Firewalls — Network Gatekeepers
A FIREWALL is a security system that decides which network traffic to ALLOW or BLOCK. Like a bouncer at a club, it checks each packet of data coming in or going out. Firewalls are everywhere: on your laptop (host firewall), on your home router (network firewall), and protecting big company networks (enterprise firewall).
Two main types. PACKET-FILTERING firewalls examine each data packet against rules: "block all traffic to port 23 (Telnet, an insecure old protocol)." STATEFUL firewalls track ongoing connections: "this packet is part of a connection I already approved, let it through." Modern enterprise firewalls also do APPLICATION-LAYER inspection — looking at WHAT the traffic actually is (a web request? a malware download?).
Why don't firewalls block ALL incoming traffic by default?
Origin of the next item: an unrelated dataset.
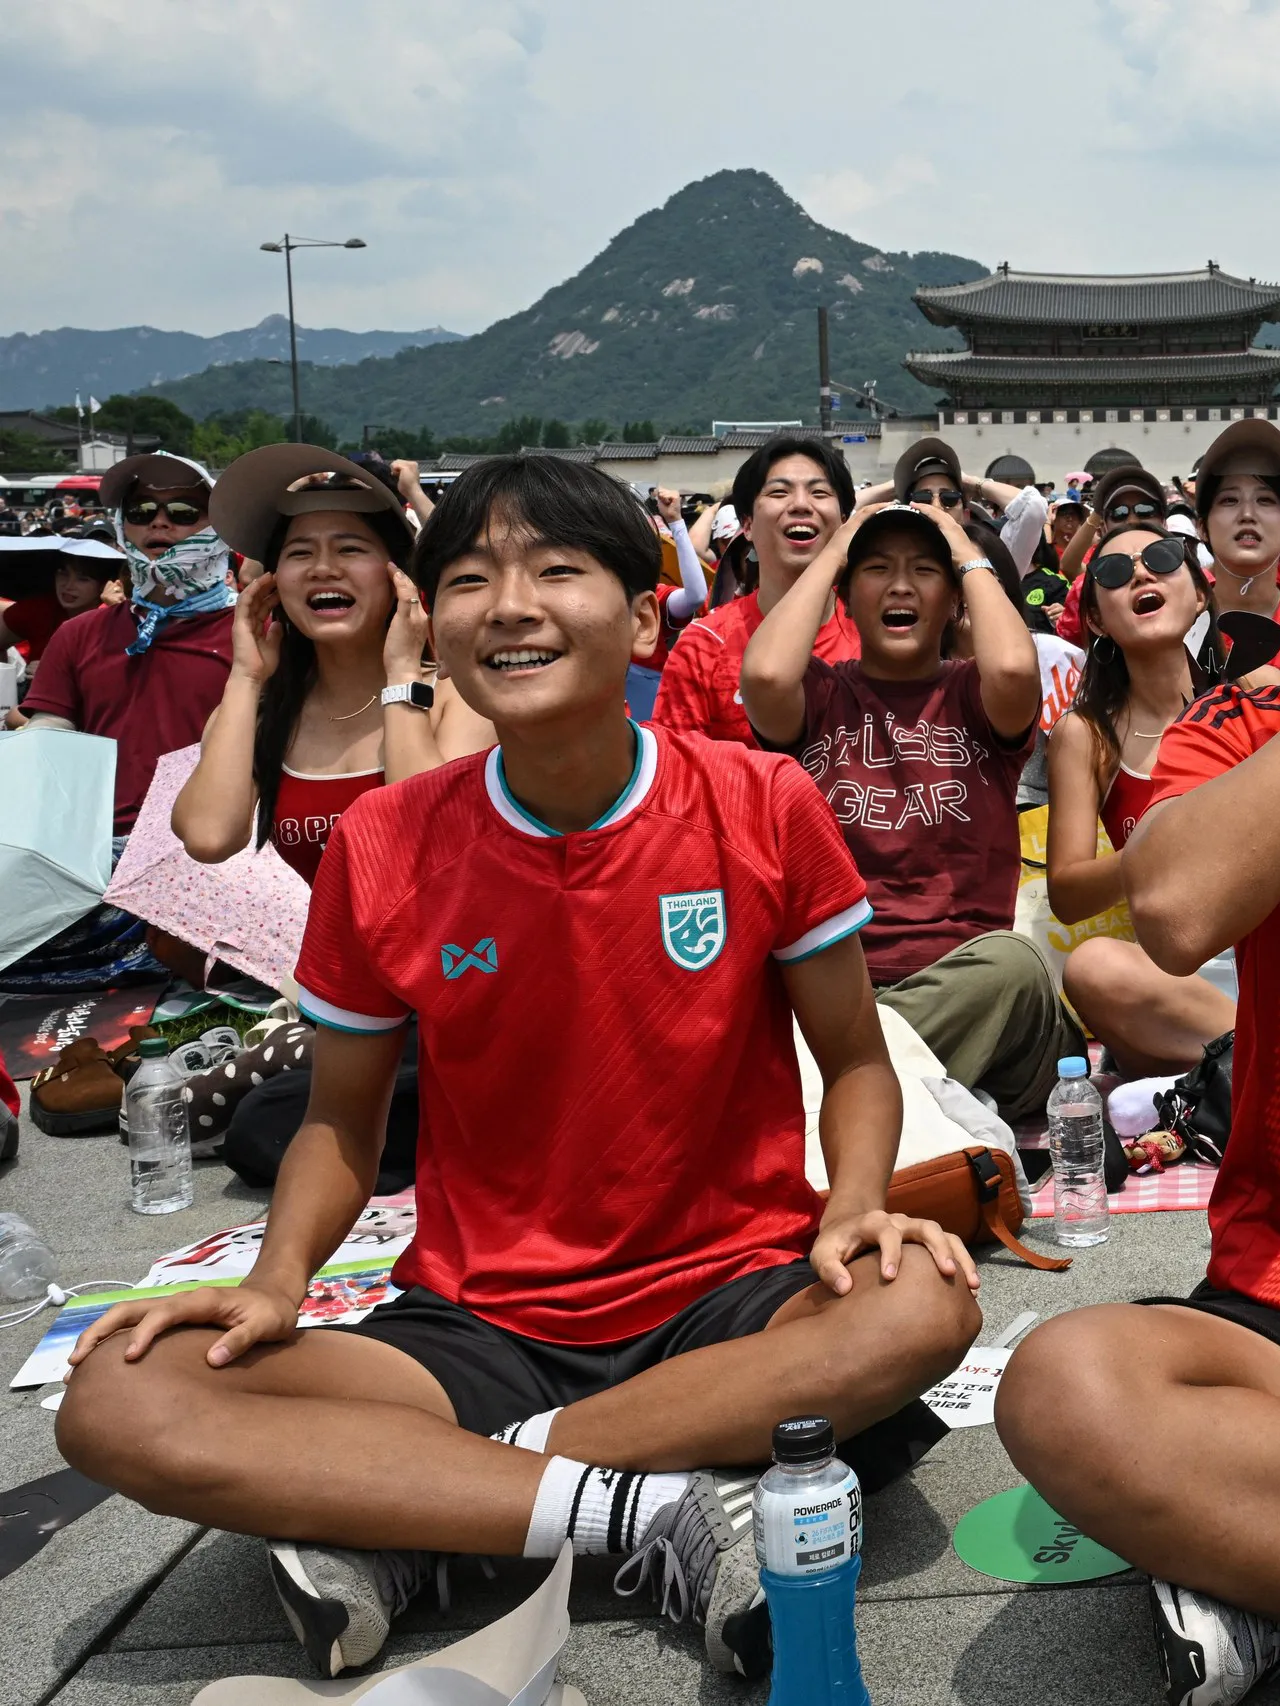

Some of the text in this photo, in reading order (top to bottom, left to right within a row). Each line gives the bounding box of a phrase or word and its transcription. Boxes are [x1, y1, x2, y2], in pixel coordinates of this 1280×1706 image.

Most home routers come with a NAT firewall built in — it hides your devices from the open internet by default. Your laptop also has a software firewall (macOS, Windows). Together, they cover most home users. Enterprise networks add many more layers: deep packet inspection, intrusion detection, web application firewalls.
Check Yours
On your computer, find the firewall settings. (Mac: System Settings → Network → Firewall. Windows: Windows Security → Firewall.) Is it ON? What apps does it allow incoming connections for? Any you don't recognize?
Firewalls won't protect against everything (clicked-on malware, phishing-stolen passwords) but they massively reduce the attack surface. Make sure yours is on.